# WHAT YOU ARE ASKED TO DO
Set down a faithful copy of every record below, with no images.

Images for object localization
══════
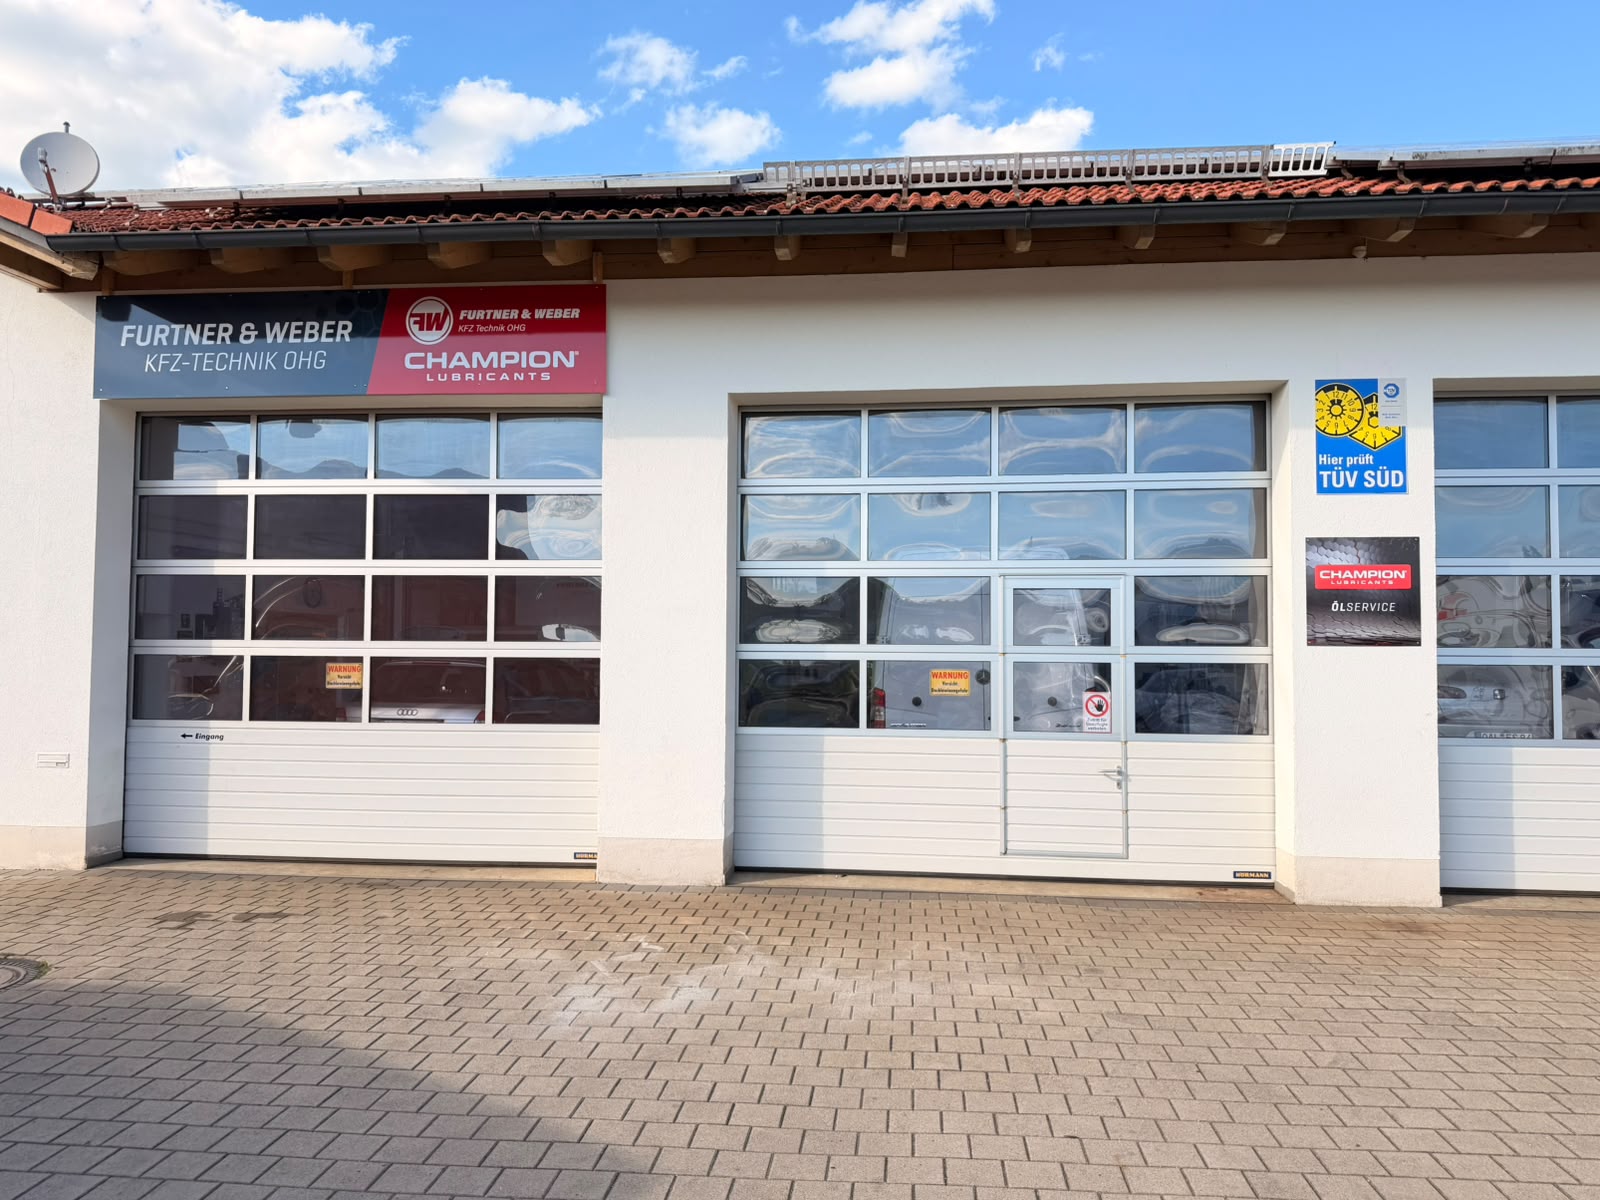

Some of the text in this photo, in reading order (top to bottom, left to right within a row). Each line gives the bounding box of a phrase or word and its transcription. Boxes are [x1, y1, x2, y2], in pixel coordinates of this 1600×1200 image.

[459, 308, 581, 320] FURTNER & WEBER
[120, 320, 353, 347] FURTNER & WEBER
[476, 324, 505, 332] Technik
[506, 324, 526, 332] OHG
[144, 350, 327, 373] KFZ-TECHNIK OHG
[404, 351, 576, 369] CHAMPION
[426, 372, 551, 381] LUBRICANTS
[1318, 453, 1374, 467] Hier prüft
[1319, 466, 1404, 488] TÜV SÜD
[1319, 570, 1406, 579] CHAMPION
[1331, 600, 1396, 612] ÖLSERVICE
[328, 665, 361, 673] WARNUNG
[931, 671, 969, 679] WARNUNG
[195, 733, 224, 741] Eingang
══════
# YOUR RESPONSE
Some of the text in this photo, in reading order (top to bottom, left to right within a row). Each line gives the bounding box of a phrase or word and its transcription. Boxes are [x1, y1, x2, y2], in pixel coordinates of this 1600×1200 image.

[459, 308, 581, 320] FURTNER & WEBER
[120, 320, 353, 347] FURTNER & WEBER
[476, 324, 505, 332] Technik
[506, 324, 526, 332] OHG
[144, 350, 327, 373] KFZ-TECHNIK OHG
[404, 351, 576, 369] CHAMPION
[426, 372, 551, 381] LUBRICANTS
[1318, 453, 1374, 467] Hier prüft
[1319, 466, 1404, 488] TÜV SÜD
[1319, 570, 1406, 579] CHAMPION
[1331, 600, 1396, 612] ÖLSERVICE
[328, 665, 361, 673] WARNUNG
[931, 671, 969, 679] WARNUNG
[195, 733, 224, 741] Eingang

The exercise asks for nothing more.